Assignment — Return the full set of entries precisely. Do not carry over any pictures.

Data for analysis —
══════
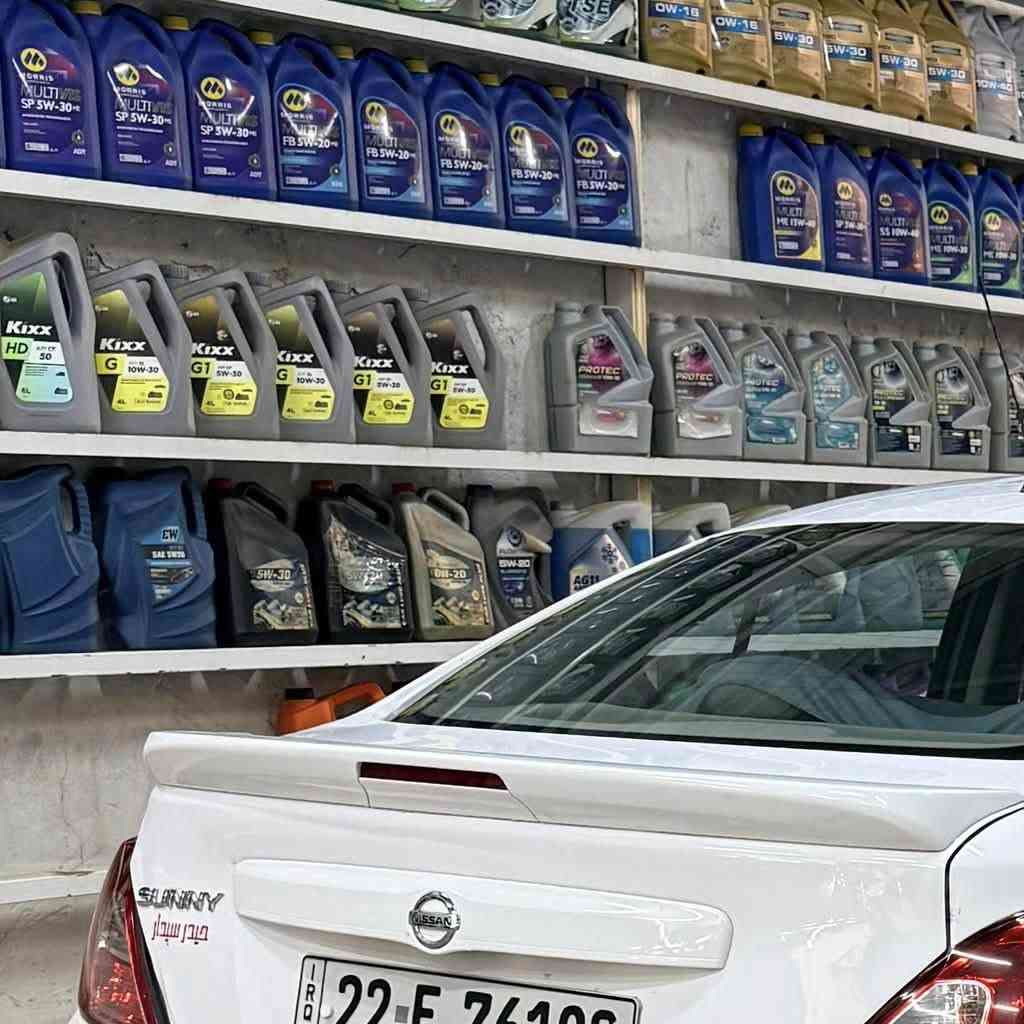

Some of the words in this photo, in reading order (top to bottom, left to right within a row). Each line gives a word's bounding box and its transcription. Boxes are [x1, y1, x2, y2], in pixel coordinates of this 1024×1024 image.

[21, 99, 35, 110] SP
[36, 100, 71, 112] 5W-30
[115, 111, 129, 122] SP
[130, 112, 164, 125] 5W-30
[200, 125, 213, 136] SP
[6, 320, 53, 336] Kixx
[5, 342, 29, 355] HD
[100, 337, 147, 351] Kixx
[192, 342, 235, 356] Kixx
[277, 350, 315, 364] Kixx
[354, 355, 394, 368] Kixx
[105, 357, 118, 371] G
[191, 361, 211, 375] G1
[431, 361, 469, 374] Kixx
[276, 368, 289, 381] G
[354, 374, 371, 387] G1
[430, 379, 448, 391] G1
[256, 569, 291, 580] 5W-30
[137, 887, 224, 912] SUNNY
[413, 912, 452, 926] NISSAN
══════
Answer to the exercise —
Some of the words in this photo, in reading order (top to bottom, left to right within a row). Each line gives a word's bounding box and its transcription. Boxes are [x1, y1, x2, y2], in pixel coordinates of this 1024×1024 image.

[21, 99, 35, 110] SP
[36, 100, 71, 112] 5W-30
[115, 111, 129, 122] SP
[130, 112, 164, 125] 5W-30
[200, 125, 213, 136] SP
[6, 320, 53, 336] Kixx
[5, 342, 29, 355] HD
[100, 337, 147, 351] Kixx
[192, 342, 235, 356] Kixx
[277, 350, 315, 364] Kixx
[354, 355, 394, 368] Kixx
[105, 357, 118, 371] G
[191, 361, 211, 375] G1
[431, 361, 469, 374] Kixx
[276, 368, 289, 381] G
[354, 374, 371, 387] G1
[430, 379, 448, 391] G1
[256, 569, 291, 580] 5W-30
[137, 887, 224, 912] SUNNY
[413, 912, 452, 926] NISSAN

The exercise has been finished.